Steam engines

Unlike a diesel locomotive, which starts in the same way as a car, a steam engine needs time to build up steam pressure. Its enormous size means that it takes a long time for the boiler to reach a uniform heat. Trying to rush this can have serious consequences! This means that our volunteers have to arrive 4 hours before the train is due to leave in order to light a fire in the firebox and feed it slowly with wood then coal so that the temperature builds up gradually. Only when a uniform temperature is reached and steam pressure is at 11 bars, is the engine ready to pull the train. This is why steam engines are not able to pull any trains that leave before 11:00am. Similarly, in the evening the fire must be put out and the smokebox cleaned before volunteers can go home. So steam engines stop running at 5:00pm.



Built by : HENSCHEL
STRMTG certified : Yes
Listed as a historic monument: No
Condition : Operational
Entered service : 1912
Weight : 28 T
Power : 400HP
Arrived at Chaillevette : 1984
Returned to service : 2015
Owned by : Trains & Traction

Japy, founded in 1777, was a successful industrial dynasty up until 1979 when they went into liquidation. Their most well-known product was the renowned Japy typewriter. In 1912, the Japy factory in Fesches-le-Châtel (Doubs) took delivery of a Henschel locomotive type 030T which was built at Kassel in Germany. Henschel was at the time one of the world’s largest manufacturers of steam locomotives.

Our engine worked on the Japy industrial branchline pulling either train of raw materials arriving at the factory or trucks loaded any of the huge variety of goods produced by Japy: enamelled cooking pots, pumps, typewriters, or petrol engines and mechanical parts for Peugeot were all made there. Between 1915 and 1940 our engine also pulled trains loaded with helmets for the army.
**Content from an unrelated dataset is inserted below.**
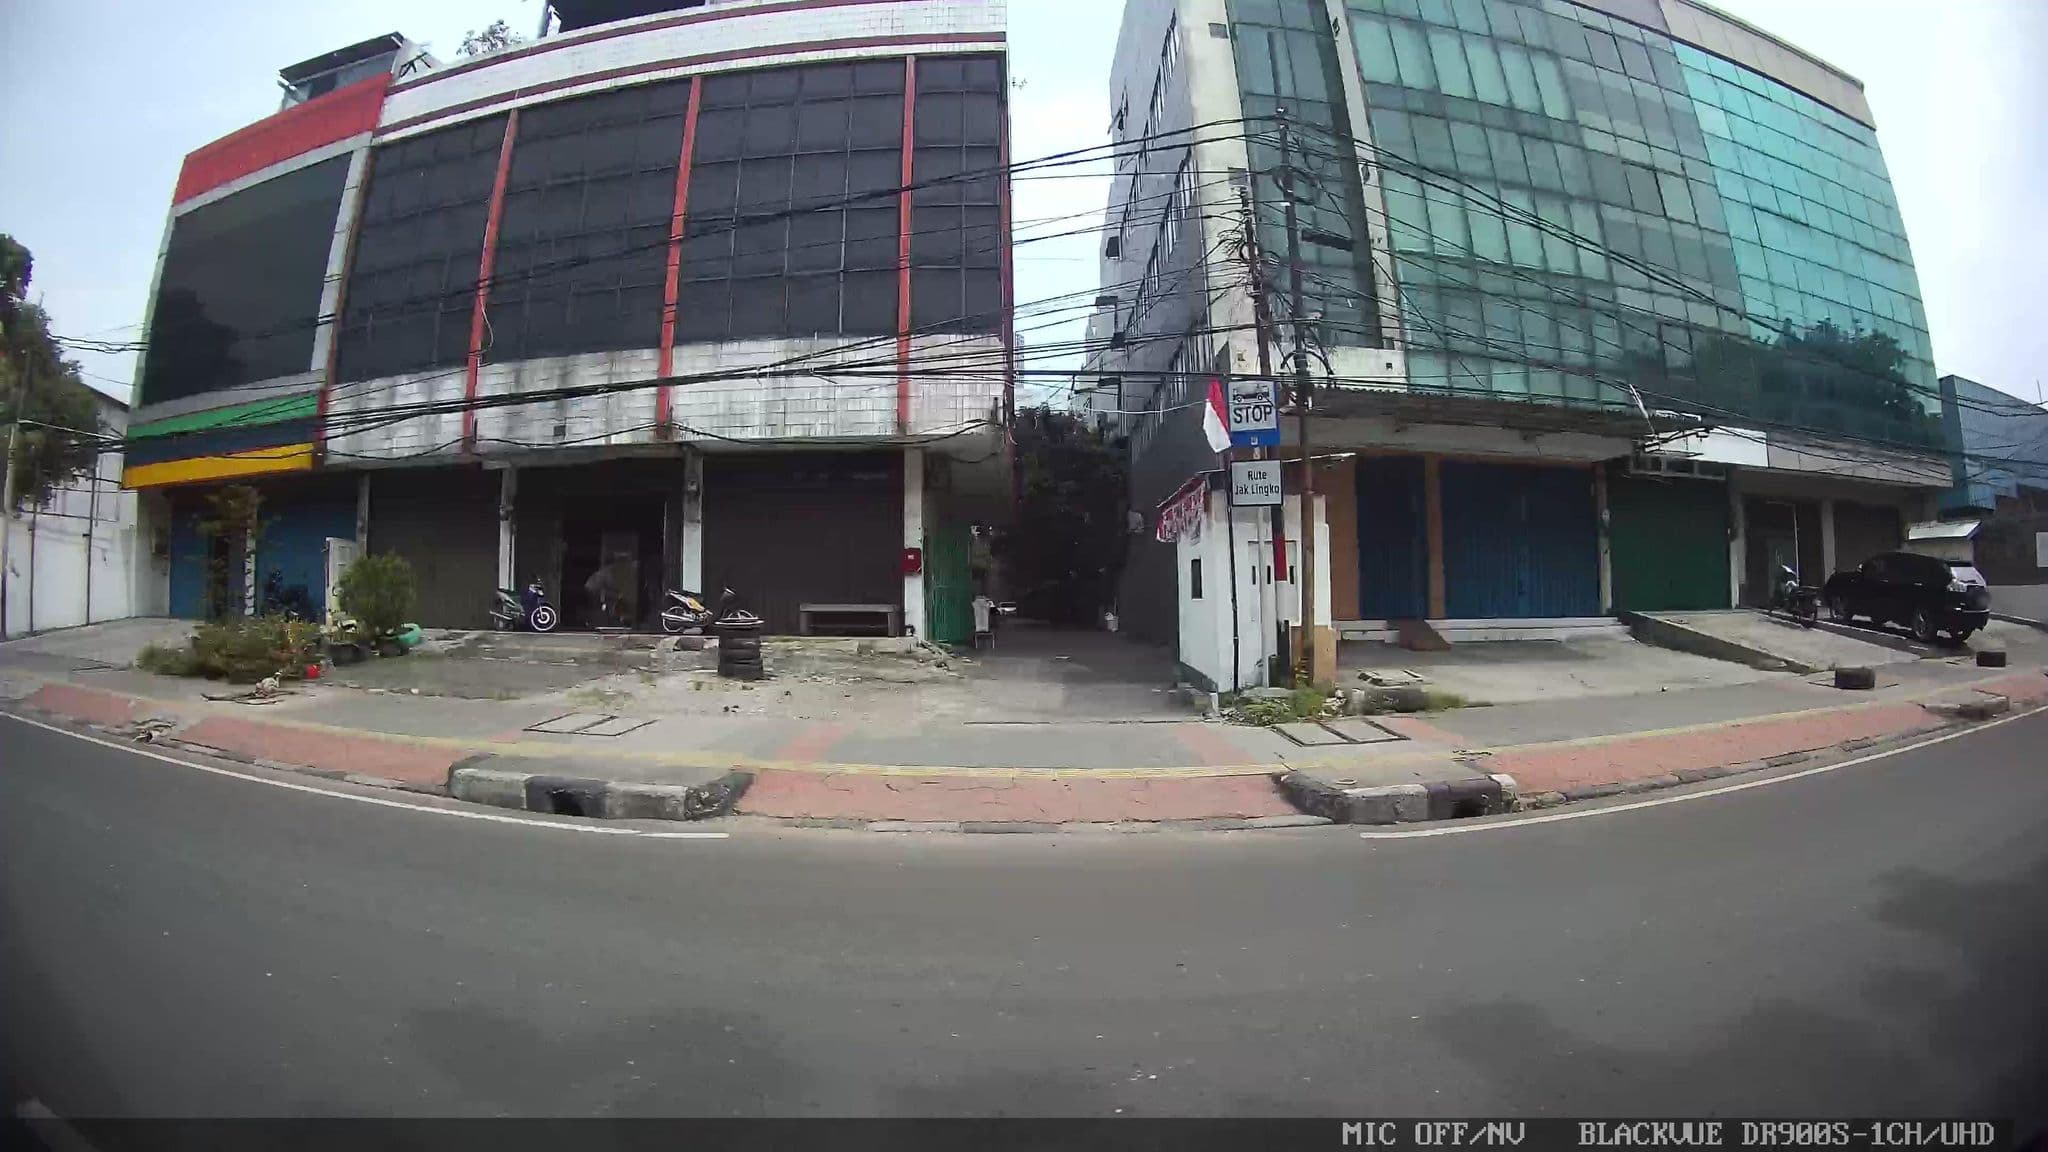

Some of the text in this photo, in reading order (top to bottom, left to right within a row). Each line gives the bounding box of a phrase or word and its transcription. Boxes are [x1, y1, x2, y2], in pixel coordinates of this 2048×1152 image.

During the Second World War, the locomotive was confiscated by the enemy. It returned to the factory in 1946 after the war ended. It was decommissioned in 1966 and sold in the same year to a scrap metal merchant in Audincourt, Doubs. Roger Bras from Espalion, a knowledgeable enthusiast spotted the engine and bought it to add to his collection. The engine was acquired by Trains & Traction in 2008 and the engine arrived at Chaillevette in 2010. In 2015, after a break of 49 years, the Henschel was back on the railway much to the delight of our passengers!

SCHNEIDER N°3 “Progrès”

Built by : SCHNEIDER le Creusot
STRMTG certified : Yes
Listed as a historic monument : Yes
Condition : Operational
Entered service : 1891
Operational weight: 26T
Power : 350 HP
Arrived at Chaillevette : 1984
Returned to service : 2004
Owned by: Département de la Charente-Maritime

The Schneider 030 T was built by the Schneider du Creusot Company in 1891. It was one of a series of 4 identical locomotives and wears the number 3. The 030T ran for more than 60 years on a 13km stretch of line linking St Victor (42) and Cours (69), part of the network run by the “Société des Chemins de fer de St Victor à Cours”. Steam engines were no longer used after 15 April 1961 and on 31 January 1969 the final train ran on the line.

Upon the railway’s closure, engines number 3 and 4 were bought by Mr Gouverneyre from Chambost-Alliere, a scrap dealer who loved fine things. The engines would spend the next 14 years sheltered from bad weather in a hangar on his property. In 1981, the newly founded Seudre Tourist Railway was looking for a steam engine to pull their trains and they bought both engines in 1983. Whilst Number 3 remains at Chaillevette, Number 4 “Trambouse” was sold to Mr Bras, a collector from Espalion to fund the initial restoration work on Number 3.

It would be another twenty long years before Number 3 “Progrès” was seen once again at the front of a train. Today, however, this timeless engine continues to delight passengers aboard the “Train des Mouettes”.